◆ Task to carry out:
Write out all of the records exactly once more and skip the images.
** Records provided follows **
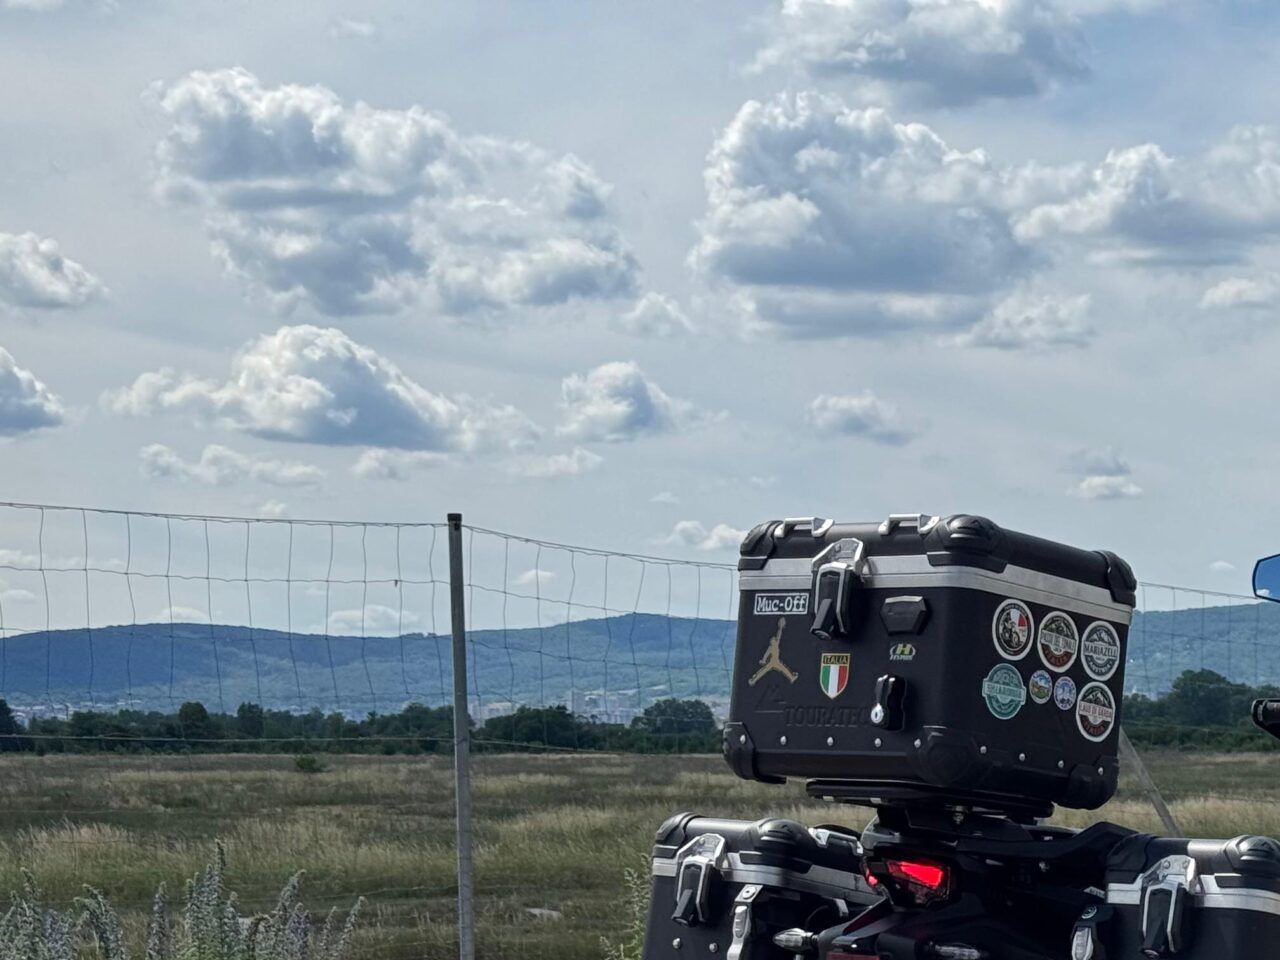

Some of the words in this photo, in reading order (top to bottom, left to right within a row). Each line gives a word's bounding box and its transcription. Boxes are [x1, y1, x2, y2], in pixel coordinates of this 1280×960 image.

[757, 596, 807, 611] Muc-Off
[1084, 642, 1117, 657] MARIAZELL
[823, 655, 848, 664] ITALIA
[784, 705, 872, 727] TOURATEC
** End of Records provided **
◆ Solution to this problem:
Some of the words in this photo, in reading order (top to bottom, left to right within a row). Each line gives a word's bounding box and its transcription. Boxes are [x1, y1, x2, y2], in pixel coordinates of this 1280×960 image.

[757, 596, 807, 611] Muc-Off
[1084, 642, 1117, 657] MARIAZELL
[823, 655, 848, 664] ITALIA
[784, 705, 872, 727] TOURATEC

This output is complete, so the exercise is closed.